Real prostatic symptoms should not simply be tolerated as ‘old age’ but some symptoms could be due to other causes. As people get older, all their bodily functions can deteriorate and this includes the bladder. Irritative symptoms, such as frequency or urgency, are most likely to occur in this way.
One common problem is needing to pass urine in the night. This affects elderly women as much as elderly men, and many men who have prostate operations are disappointed to find that they still have to get up in the night afterwards. Older people tend to sleep less well; they pass urine because they are awake, rather than being woken by the need to pass urine. Sometimes the kidneys are not as good at restricting the amount of urine they make in the night, and some drugs increase the amount of urine.
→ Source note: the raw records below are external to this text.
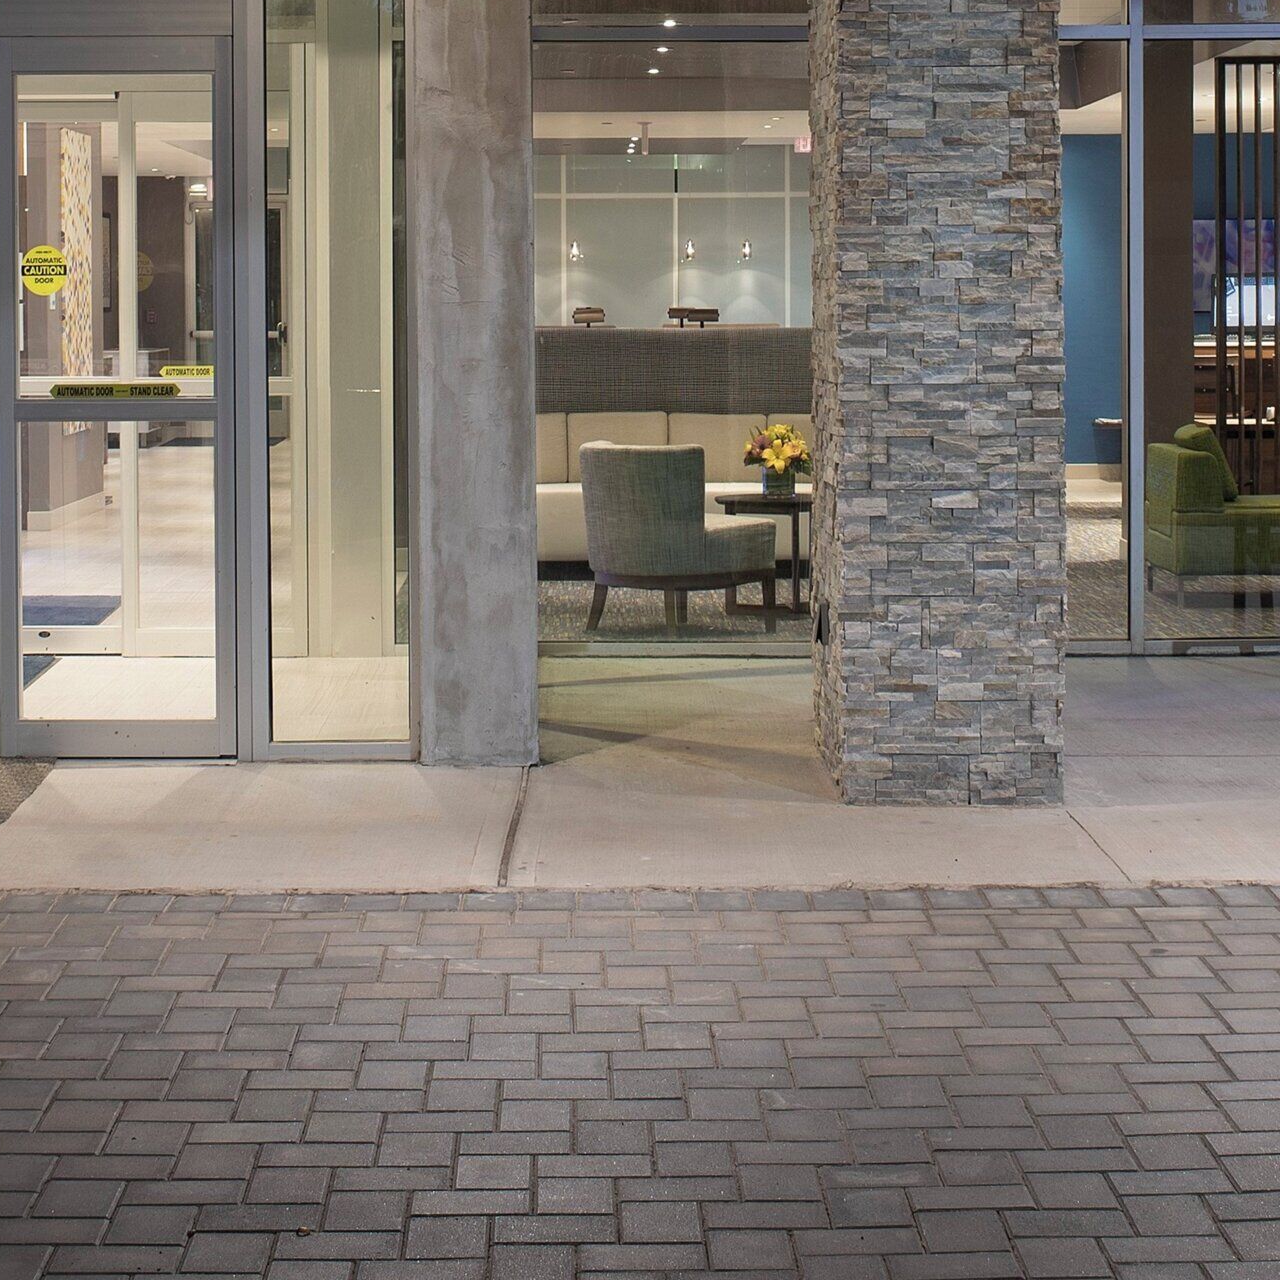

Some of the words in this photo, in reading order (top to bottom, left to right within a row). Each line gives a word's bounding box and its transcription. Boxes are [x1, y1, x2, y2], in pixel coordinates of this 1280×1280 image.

[24, 266, 64, 275] CAUTION
[165, 368, 194, 376] AUTOMATIC
[195, 368, 210, 376] DOOR
[57, 387, 94, 396] AUTOMATIC
[95, 387, 114, 396] DOOR
[130, 387, 151, 396] STAND
[152, 387, 174, 396] CLEAR
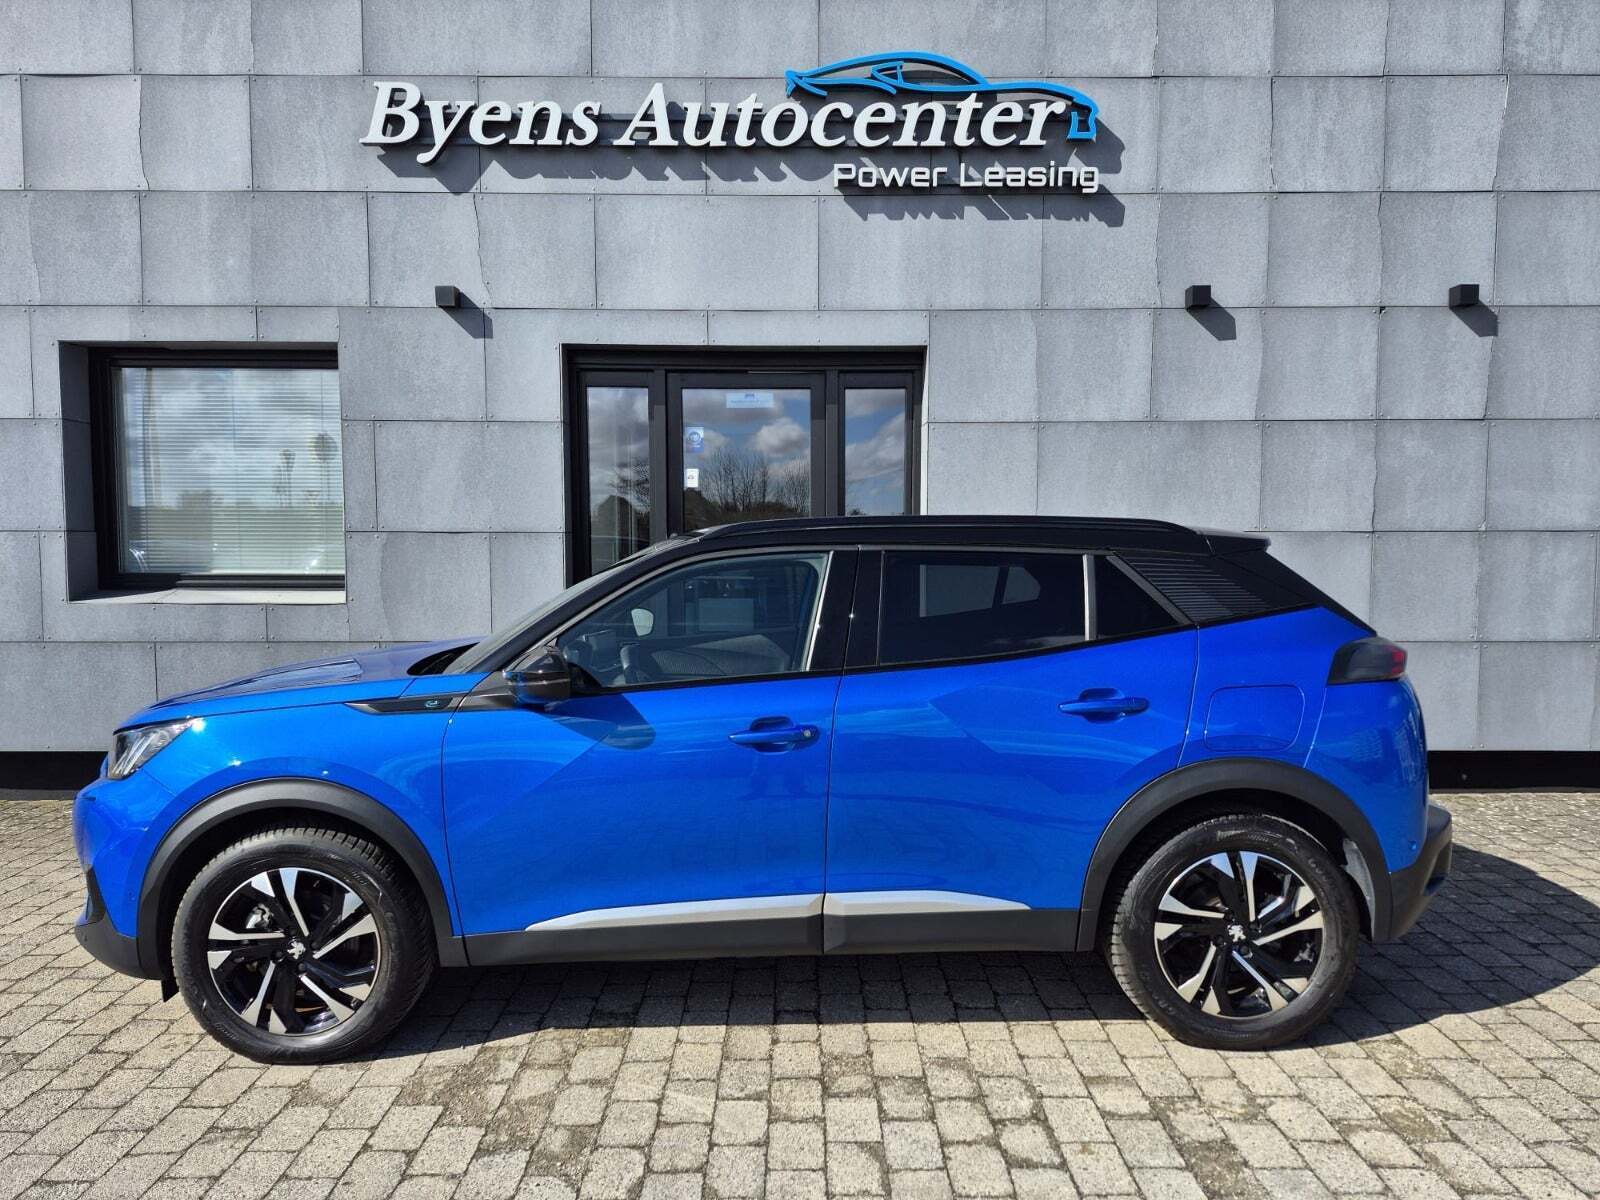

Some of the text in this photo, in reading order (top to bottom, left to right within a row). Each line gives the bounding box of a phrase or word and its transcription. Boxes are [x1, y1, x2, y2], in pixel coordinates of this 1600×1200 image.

Some diseases, like diabetes, which may start in old age, can increase urine production and will affect the number of times the bladder needs to be emptied. Some diseases of the nervous system, including strokes and Parkinson’s disease, can affect the bladder.
A change in lifestyle may also cause trouble. After retiring from work, many men drink more tea or coffee than before, or visit the pub at lunchtime. More fluid in means more fluid out – and therefore they need to pass urine more often.
Trouble with your bladder does not have to be an inevitable feature of getting old. However, when it is due to the prostate, a prostate operation is not an infallible cure for every urinary symptom. Sometimes it must be avoided as it might make things worse. Before having any treatment, the condition must be properly assessed.
Blood in the Urine
It is most important that blood in the urine (haematuria) should not be considered a ‘prostate symptom’, because up to a third of the people seen by urologists with this symptom are found to have something potentially serious, such as a tumour in the bladder or (less often) a tumour in the kidney.
Many of these tumours are not frankly cancerous and can be cured. In all cases, the sooner they are diagnosed, the more likely they are to be cured and the easier the treatment will be.
Blood in the urine is investigated by using an X-ray procedure called an intravenous urogram (or sometimes an ultrasound scan) and a cystoscopy. If you see blood in your urine, do not ignore it, even if it goes away. You should see your doctor straight away.
Sometimes, blood that is not visible to the naked eye is found when a urine specimen is tested. Although this is less likely to be due to something serious than visible bleeding, it is still best to have it checked out.